> Aim of the exercise: Without the pictures, set down the records below word for word.

[Images for object localization]

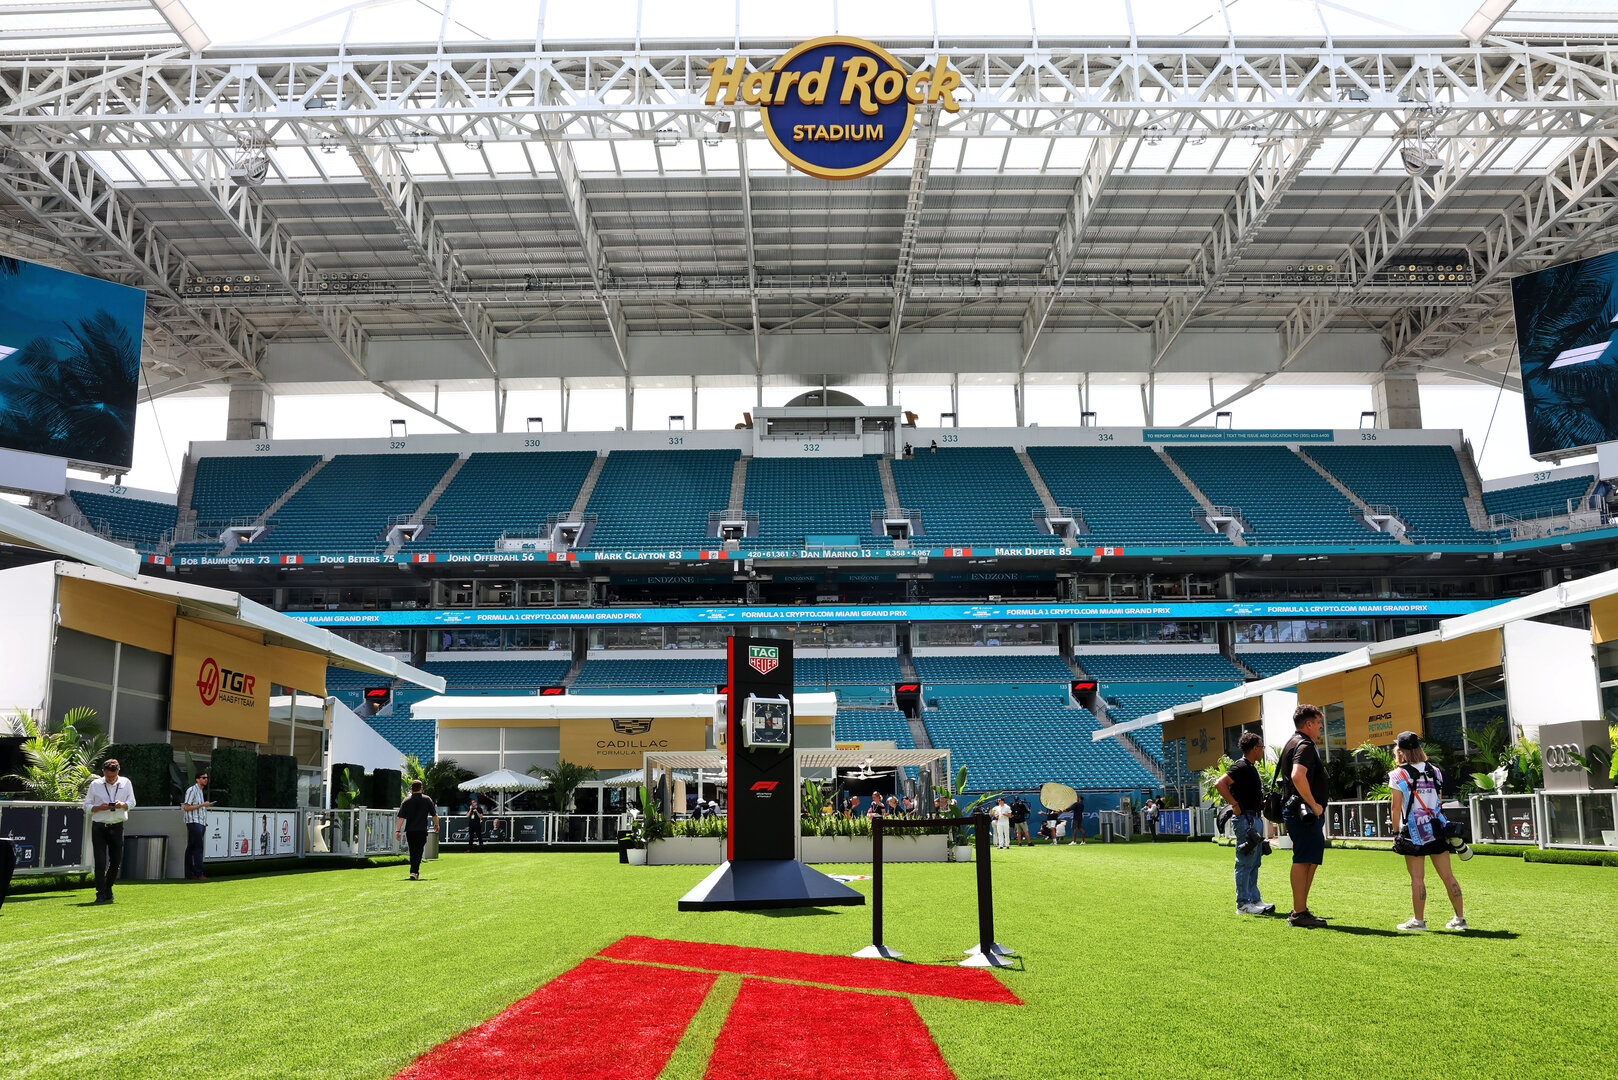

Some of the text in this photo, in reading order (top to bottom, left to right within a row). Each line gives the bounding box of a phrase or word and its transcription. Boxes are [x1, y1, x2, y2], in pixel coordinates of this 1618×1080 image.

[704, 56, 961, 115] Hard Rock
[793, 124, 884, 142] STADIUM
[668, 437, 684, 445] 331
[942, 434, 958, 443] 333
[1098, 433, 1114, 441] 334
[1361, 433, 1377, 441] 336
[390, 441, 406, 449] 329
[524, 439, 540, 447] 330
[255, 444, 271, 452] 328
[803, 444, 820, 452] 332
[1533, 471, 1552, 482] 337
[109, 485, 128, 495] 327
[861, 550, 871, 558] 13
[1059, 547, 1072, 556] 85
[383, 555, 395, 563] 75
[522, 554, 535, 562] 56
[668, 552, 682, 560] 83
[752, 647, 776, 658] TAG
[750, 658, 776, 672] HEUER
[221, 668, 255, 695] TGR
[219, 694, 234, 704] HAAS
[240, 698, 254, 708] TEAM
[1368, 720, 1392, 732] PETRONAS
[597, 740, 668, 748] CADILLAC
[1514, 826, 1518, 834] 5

> Response:
Some of the text in this photo, in reading order (top to bottom, left to right within a row). Each line gives the bounding box of a phrase or word and its transcription. Boxes are [x1, y1, x2, y2], in pixel coordinates of this 1618×1080 image.

[704, 56, 961, 115] Hard Rock
[793, 124, 884, 142] STADIUM
[668, 437, 684, 445] 331
[942, 434, 958, 443] 333
[1098, 433, 1114, 441] 334
[1361, 433, 1377, 441] 336
[390, 441, 406, 449] 329
[524, 439, 540, 447] 330
[255, 444, 271, 452] 328
[803, 444, 820, 452] 332
[1533, 471, 1552, 482] 337
[109, 485, 128, 495] 327
[861, 550, 871, 558] 13
[1059, 547, 1072, 556] 85
[383, 555, 395, 563] 75
[522, 554, 535, 562] 56
[668, 552, 682, 560] 83
[752, 647, 776, 658] TAG
[750, 658, 776, 672] HEUER
[221, 668, 255, 695] TGR
[219, 694, 234, 704] HAAS
[240, 698, 254, 708] TEAM
[1368, 720, 1392, 732] PETRONAS
[597, 740, 668, 748] CADILLAC
[1514, 826, 1518, 834] 5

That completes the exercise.